• _Work instructions_: Give the data below again exactly as it stands. Omit the pictures.

═════ Listed entries

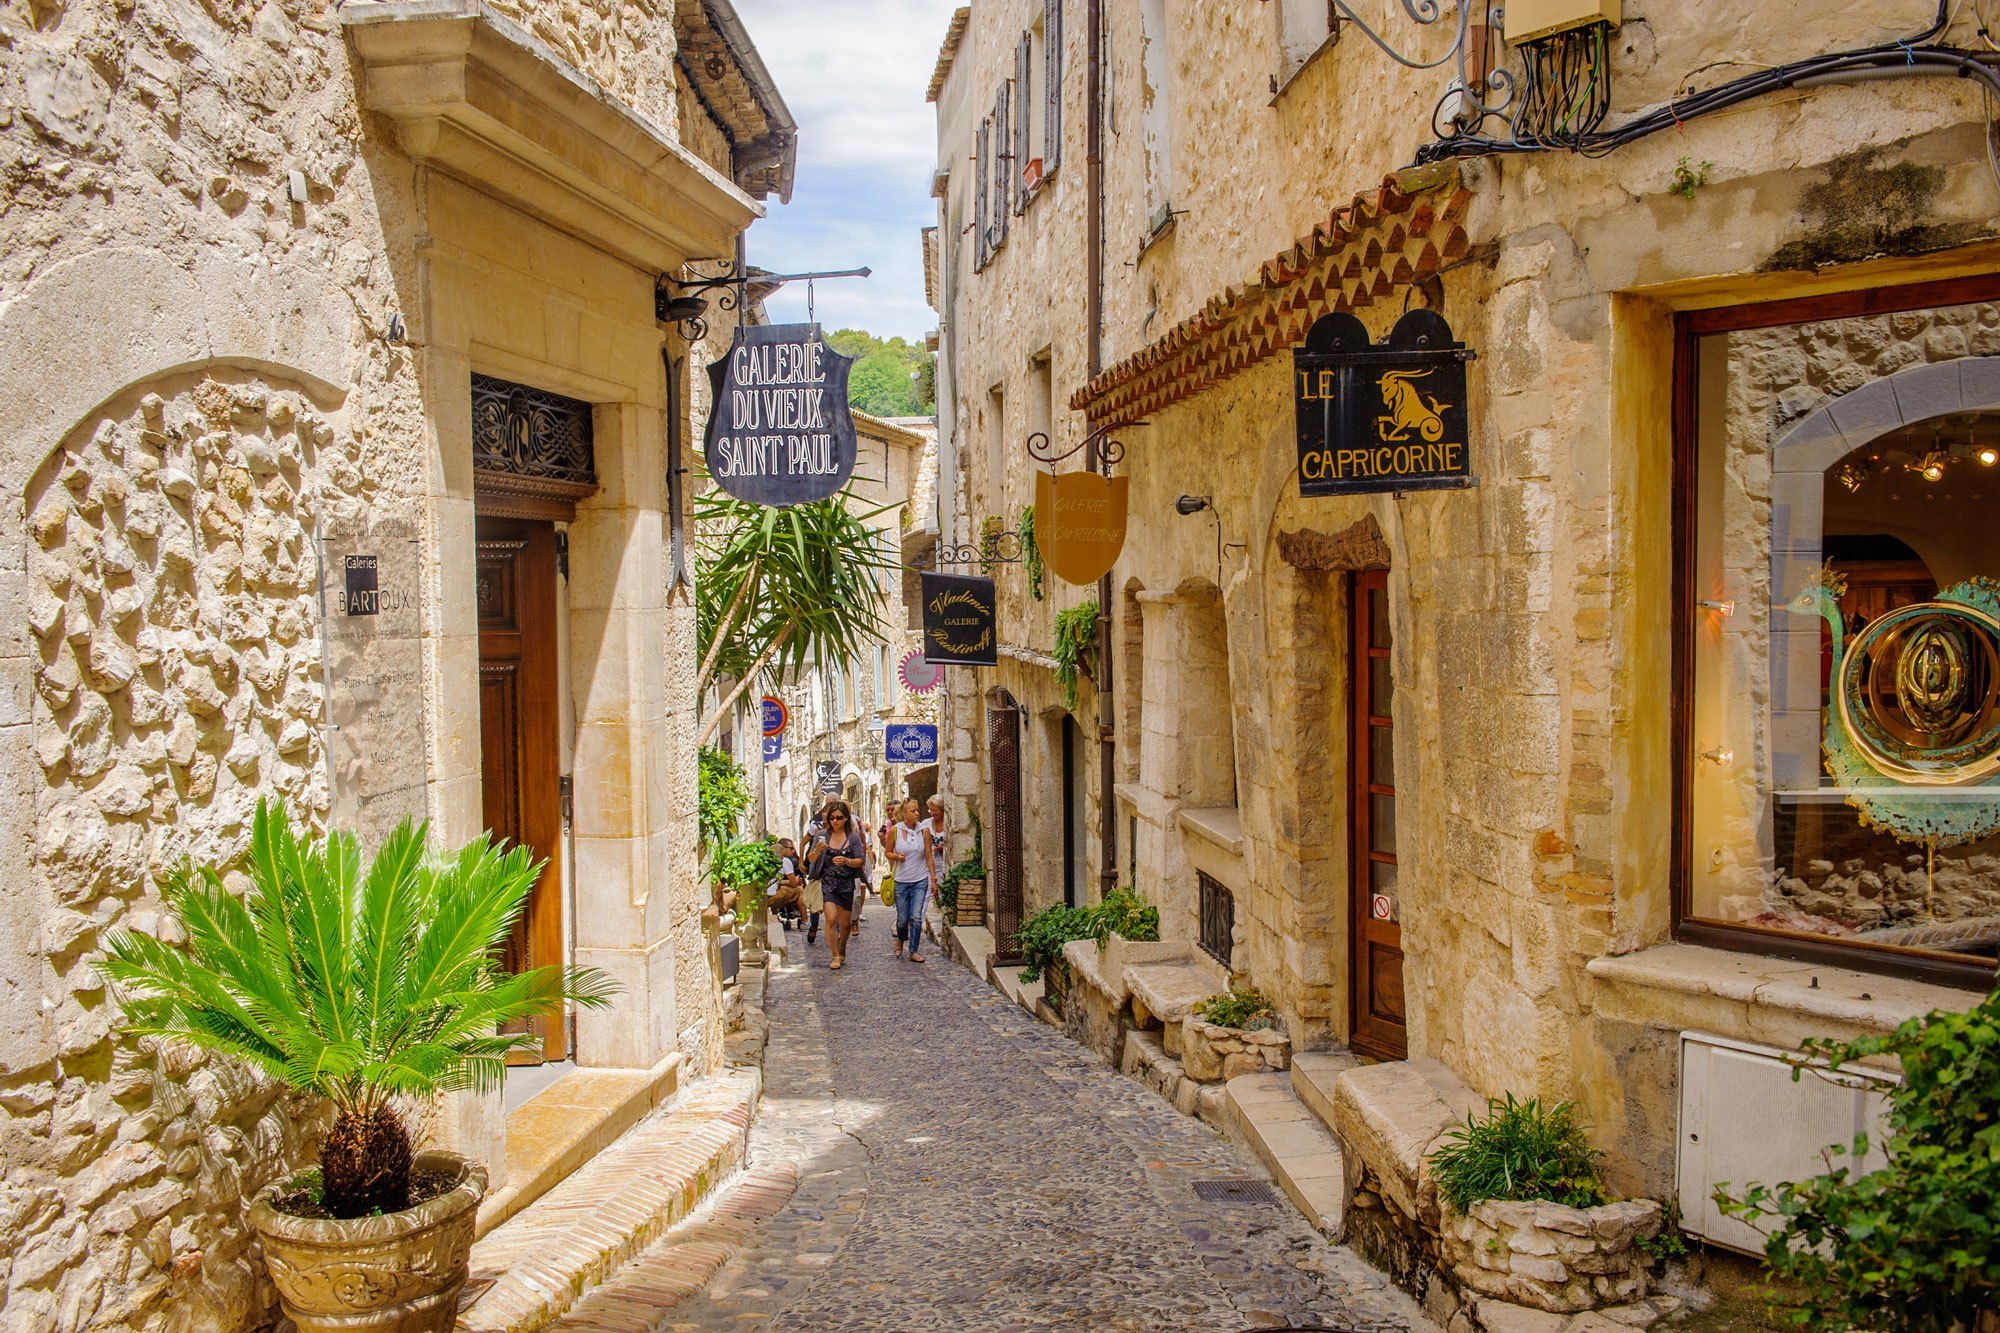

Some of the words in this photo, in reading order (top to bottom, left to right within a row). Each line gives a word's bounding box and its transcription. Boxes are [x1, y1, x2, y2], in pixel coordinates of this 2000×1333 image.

[733, 341, 826, 386] GALERIE
[1301, 370, 1335, 400] LE
[732, 389, 760, 431] DU
[763, 388, 824, 430] VIEUX
[717, 435, 784, 477] SAINT
[787, 434, 839, 475] PAUL
[1301, 443, 1463, 480] CAPRICORNE
[1053, 495, 1108, 513] GALERIE
[346, 556, 377, 569] Galeries
[339, 589, 410, 612] BARTOUX
[929, 589, 991, 617] Vladimir
[943, 617, 980, 626] GALERIE
[903, 740, 919, 749] MB

══════════

• _Written solution_:
Some of the words in this photo, in reading order (top to bottom, left to right within a row). Each line gives a word's bounding box and its transcription. Boxes are [x1, y1, x2, y2], in pixel coordinates of this 2000×1333 image.

[733, 341, 826, 386] GALERIE
[1301, 370, 1335, 400] LE
[732, 389, 760, 431] DU
[763, 388, 824, 430] VIEUX
[717, 435, 784, 477] SAINT
[787, 434, 839, 475] PAUL
[1301, 443, 1463, 480] CAPRICORNE
[1053, 495, 1108, 513] GALERIE
[346, 556, 377, 569] Galeries
[339, 589, 410, 612] BARTOUX
[929, 589, 991, 617] Vladimir
[943, 617, 980, 626] GALERIE
[903, 740, 919, 749] MB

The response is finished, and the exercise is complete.